Segment Start: INPUT DATA
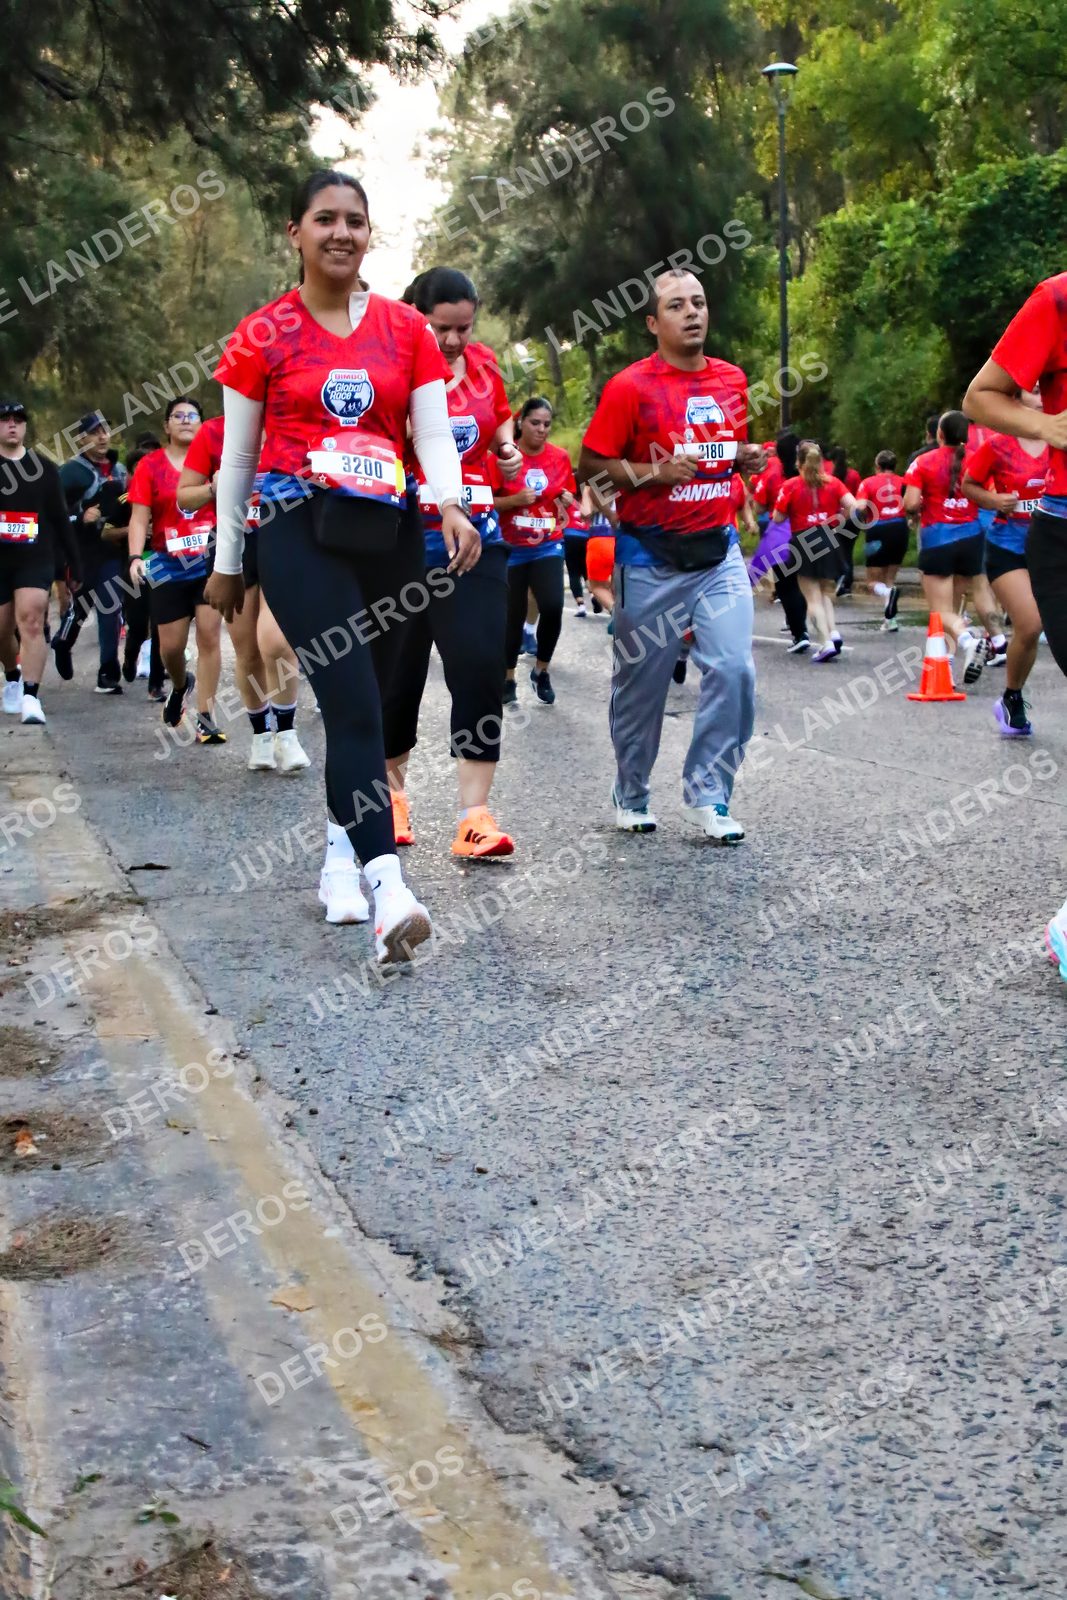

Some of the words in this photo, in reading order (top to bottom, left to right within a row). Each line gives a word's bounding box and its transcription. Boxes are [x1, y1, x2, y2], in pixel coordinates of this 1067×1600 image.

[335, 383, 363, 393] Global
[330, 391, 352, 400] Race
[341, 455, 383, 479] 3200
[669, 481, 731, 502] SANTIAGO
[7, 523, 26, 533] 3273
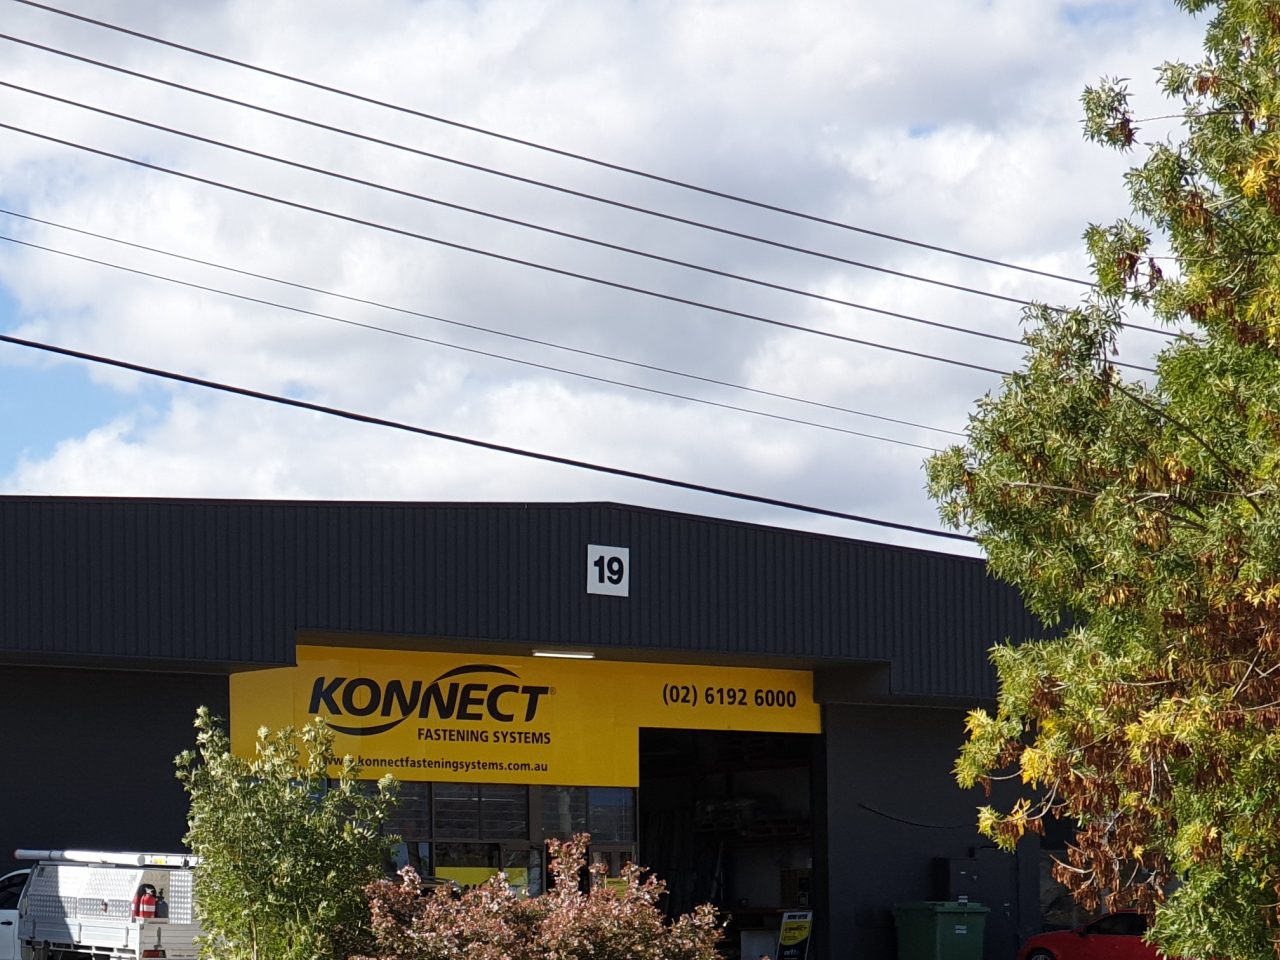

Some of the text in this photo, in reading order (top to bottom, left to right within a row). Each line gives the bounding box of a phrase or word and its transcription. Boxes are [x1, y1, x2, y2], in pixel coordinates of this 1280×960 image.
Segment End: INPUT DATA
• **WHAT YOU HAVE TO DO**
Leave the pictures out and print the whole listing precisely.

• **PROBLEM SOLUTION**
Some of the words in this photo, in reading order (top to bottom, left to right within a row). Each line gives a word's bounding box and its transcription. Boxes are [x1, y1, x2, y2], in pixel coordinates of this 1067×1600 image.

[335, 383, 363, 393] Global
[330, 391, 352, 400] Race
[341, 455, 383, 479] 3200
[669, 481, 731, 502] SANTIAGO
[7, 523, 26, 533] 3273

Some of the text in this photo, in reading order (top to bottom, left to right within a row). Each line gives the bounding box of a phrase or word and its transcription. Boxes are [x1, y1, x2, y2], in pixel coordinates of this 1280×960 image.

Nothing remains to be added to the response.